EXERCISE BRIEF: Reproduce every line below exactly as written; do not include the images.

[Dataset records]

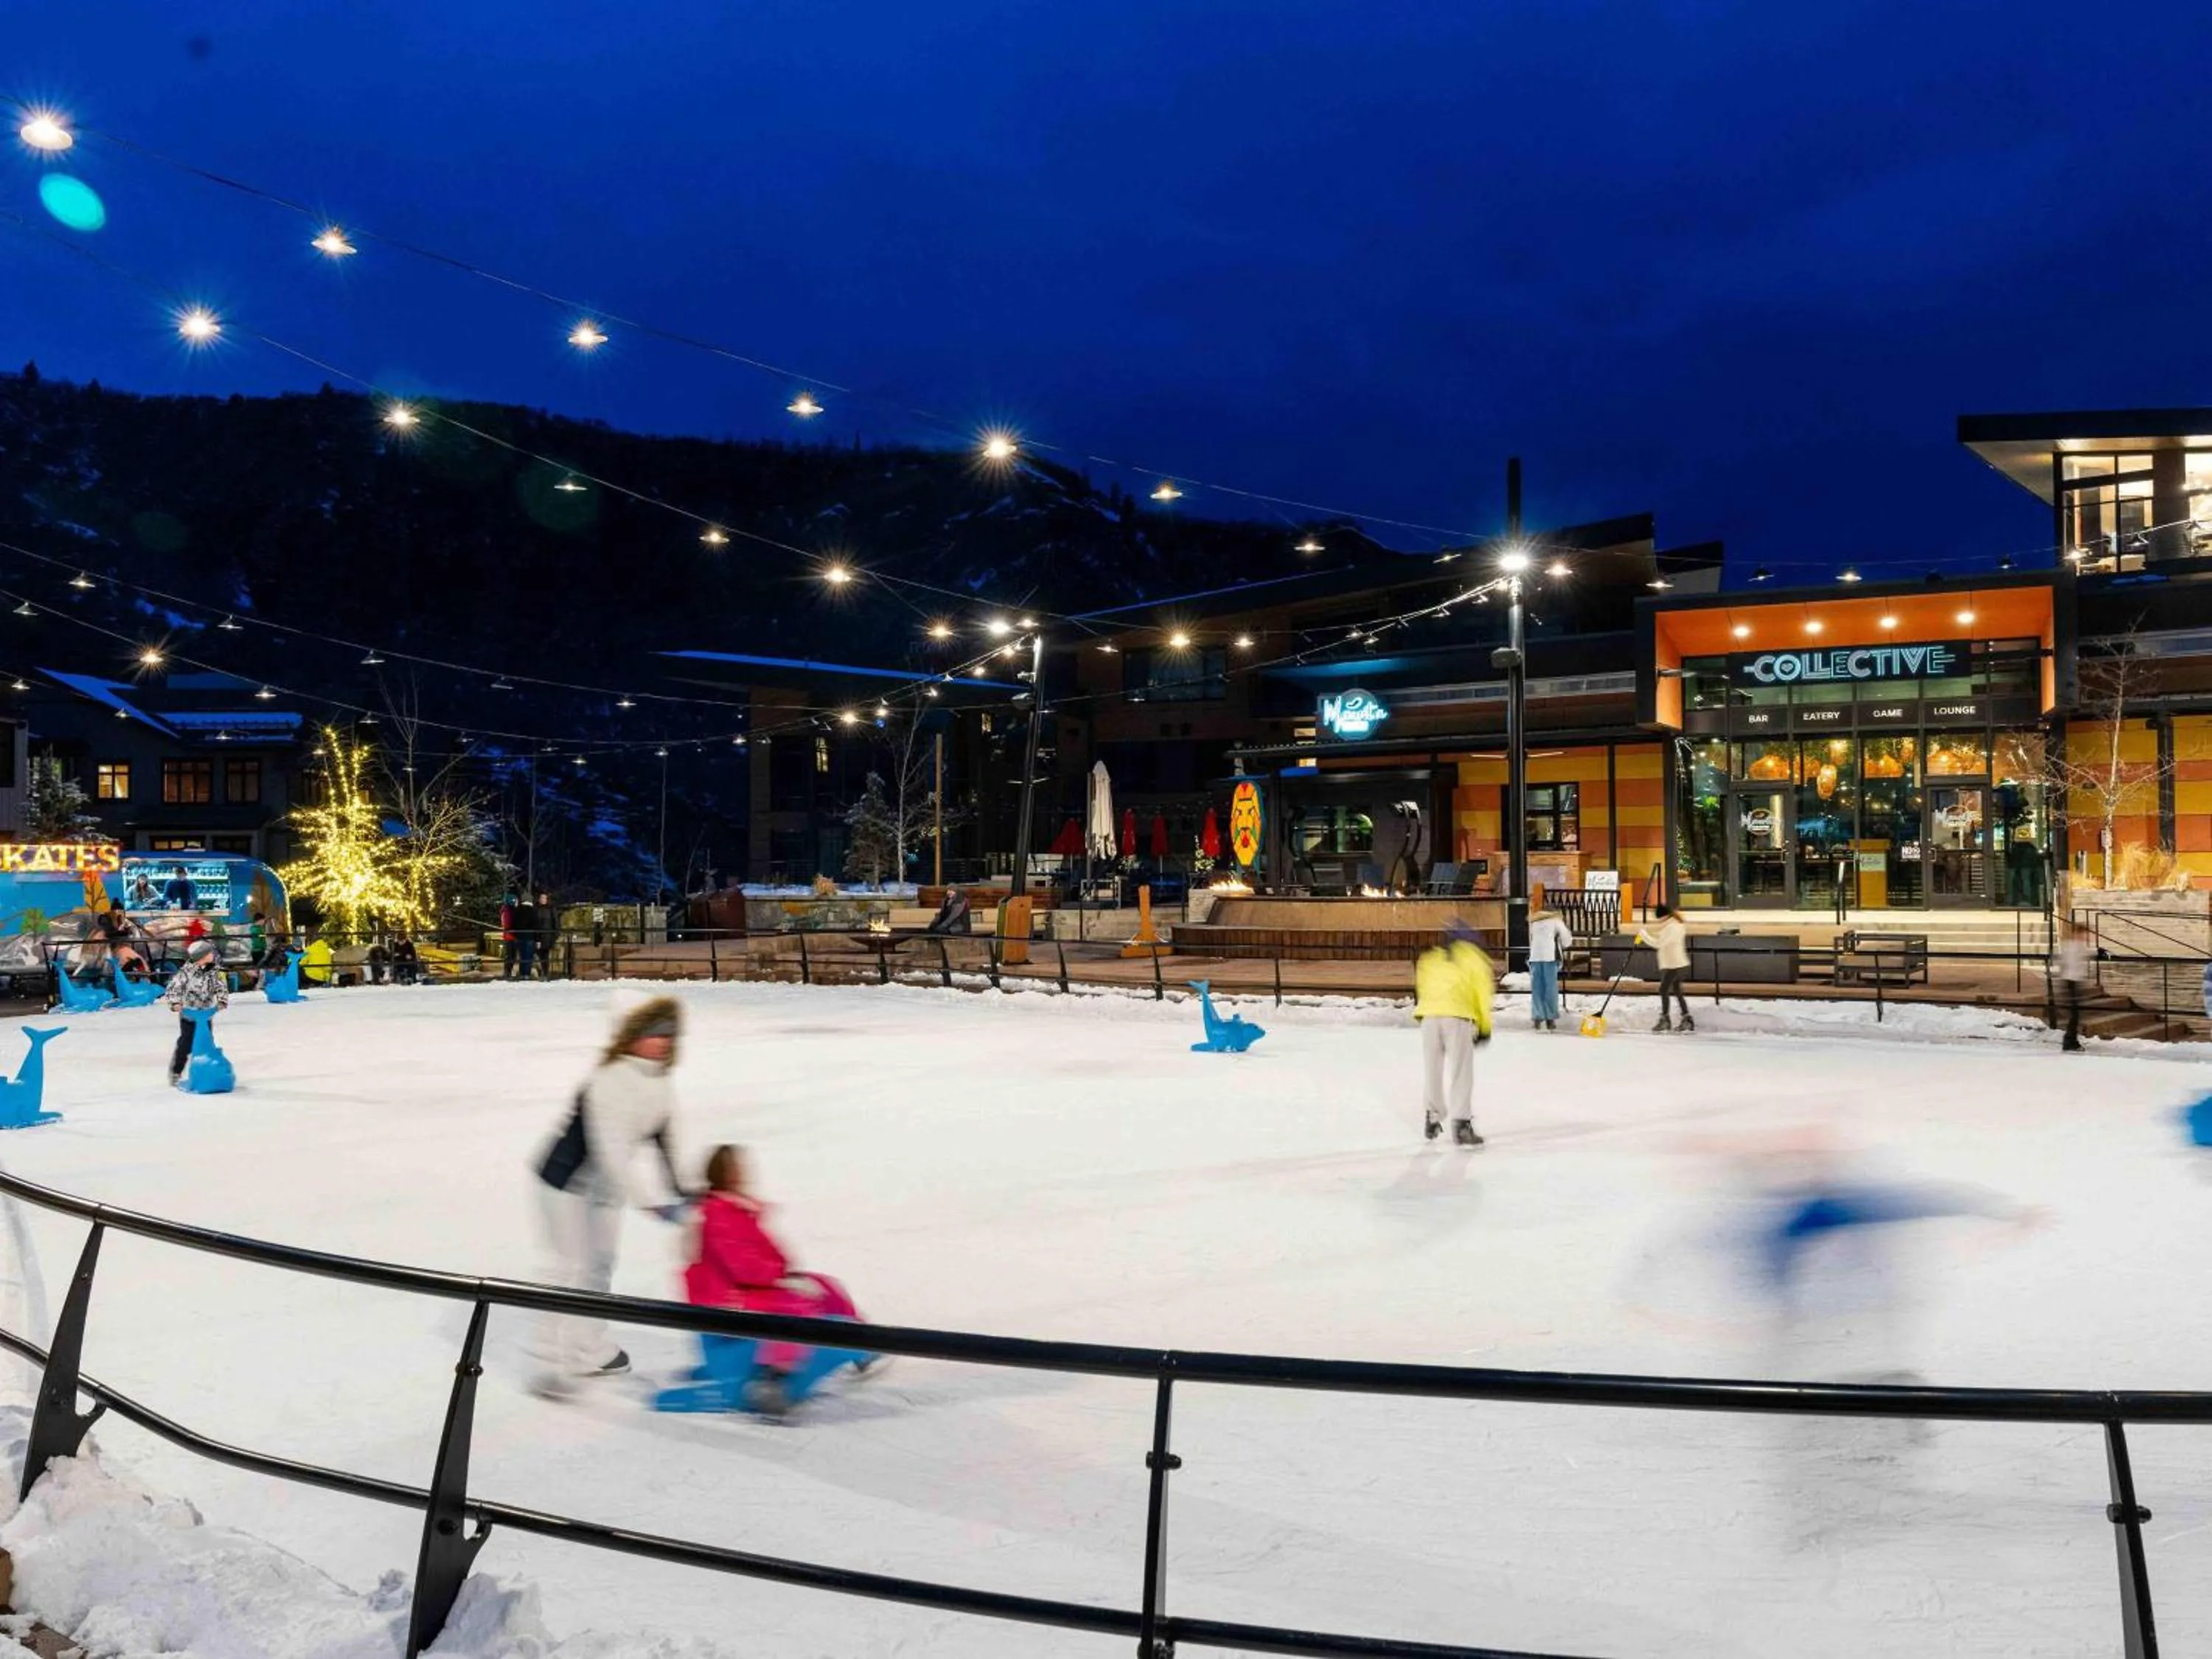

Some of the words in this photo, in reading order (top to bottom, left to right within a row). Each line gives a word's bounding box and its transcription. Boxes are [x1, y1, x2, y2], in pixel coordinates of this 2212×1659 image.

[1744, 645, 1955, 682] COLLECTIVE
[1748, 714, 1769, 724] BAR
[1803, 711, 1840, 721] EATERY
[1873, 708, 1903, 718] GAME
[1933, 705, 1977, 716] LOUNGE
[0, 844, 119, 872] KATES
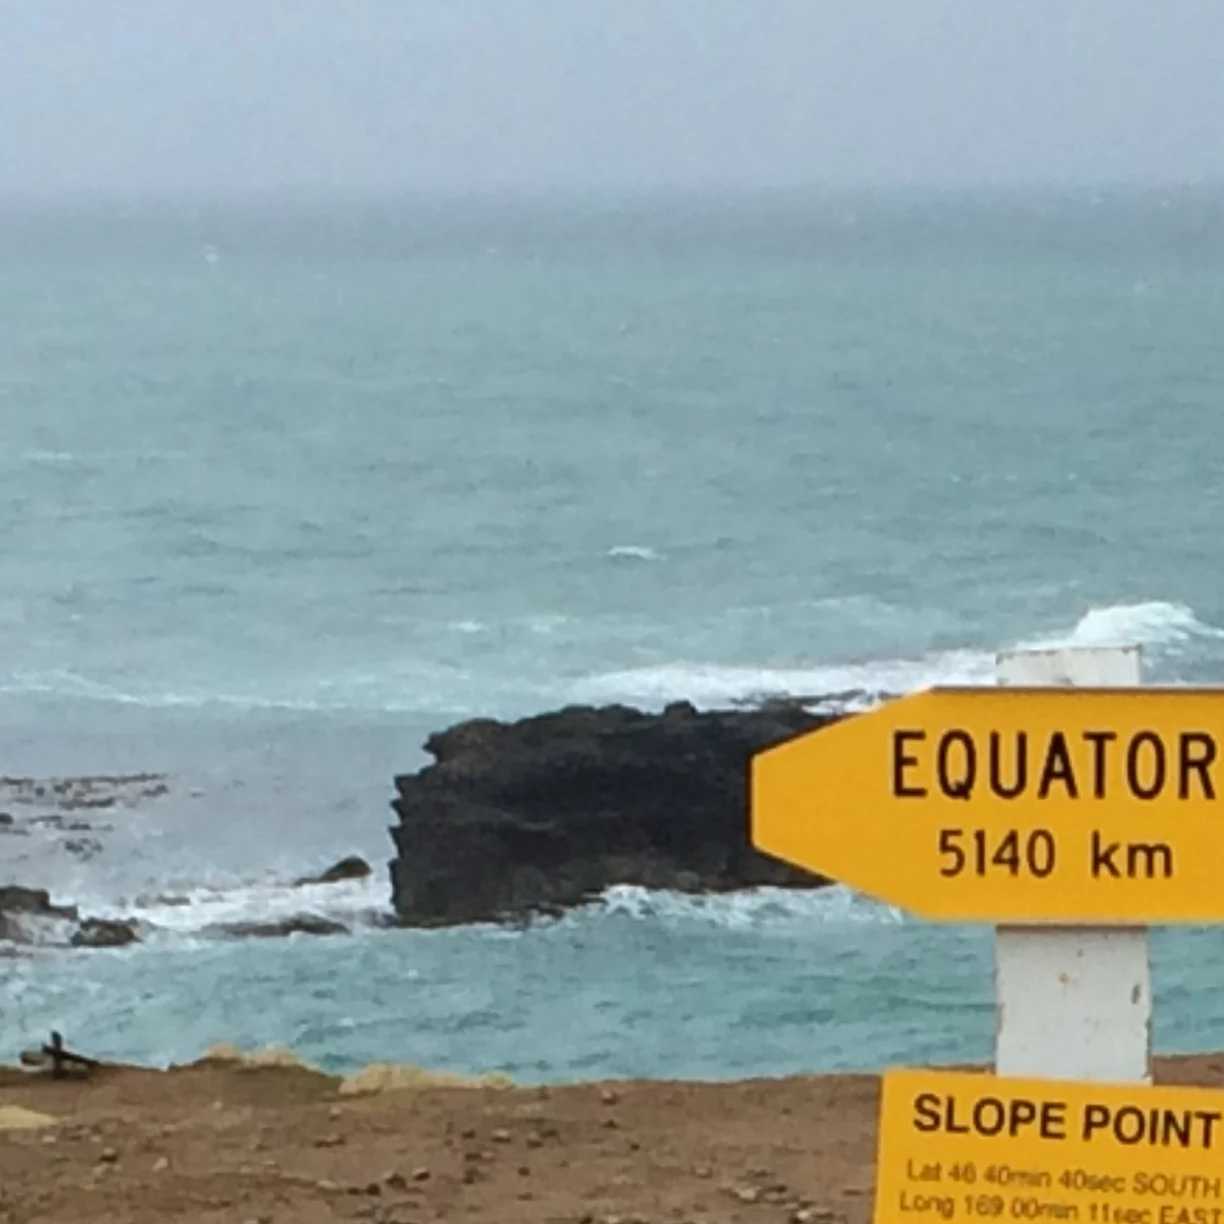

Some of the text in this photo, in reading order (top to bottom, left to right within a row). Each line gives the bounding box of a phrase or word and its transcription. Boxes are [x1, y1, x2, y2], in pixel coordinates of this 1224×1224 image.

[890, 730, 1218, 802] EQUATOR
[938, 829, 1175, 879] 5140 km
[914, 1093, 1222, 1148] SLOPE POINT
[907, 1159, 1221, 1198] Lat 46 40min 40sec SOUTH
[900, 1191, 954, 1219] Long
[964, 1194, 1001, 1217] 169
[1011, 1196, 1078, 1221] 00min

RESPONSE:
Some of the words in this photo, in reading order (top to bottom, left to right within a row). Each line gives a word's bounding box and its transcription. Boxes are [x1, y1, x2, y2], in pixel coordinates of this 2212×1659 image.

[1744, 645, 1955, 682] COLLECTIVE
[1748, 714, 1769, 724] BAR
[1803, 711, 1840, 721] EATERY
[1873, 708, 1903, 718] GAME
[1933, 705, 1977, 716] LOUNGE
[0, 844, 119, 872] KATES

Some of the text in this photo, in reading order (top to bottom, left to right within a row). Each line gives the bounding box of a phrase or word and its transcription. Boxes are [x1, y1, x2, y2], in pixel coordinates of this 1224×1224 image.

[890, 730, 1218, 802] EQUATOR
[938, 829, 1175, 879] 5140 km
[914, 1093, 1222, 1148] SLOPE POINT
[907, 1159, 1221, 1198] Lat 46 40min 40sec SOUTH
[900, 1191, 954, 1219] Long
[964, 1194, 1001, 1217] 169
[1011, 1196, 1078, 1221] 00min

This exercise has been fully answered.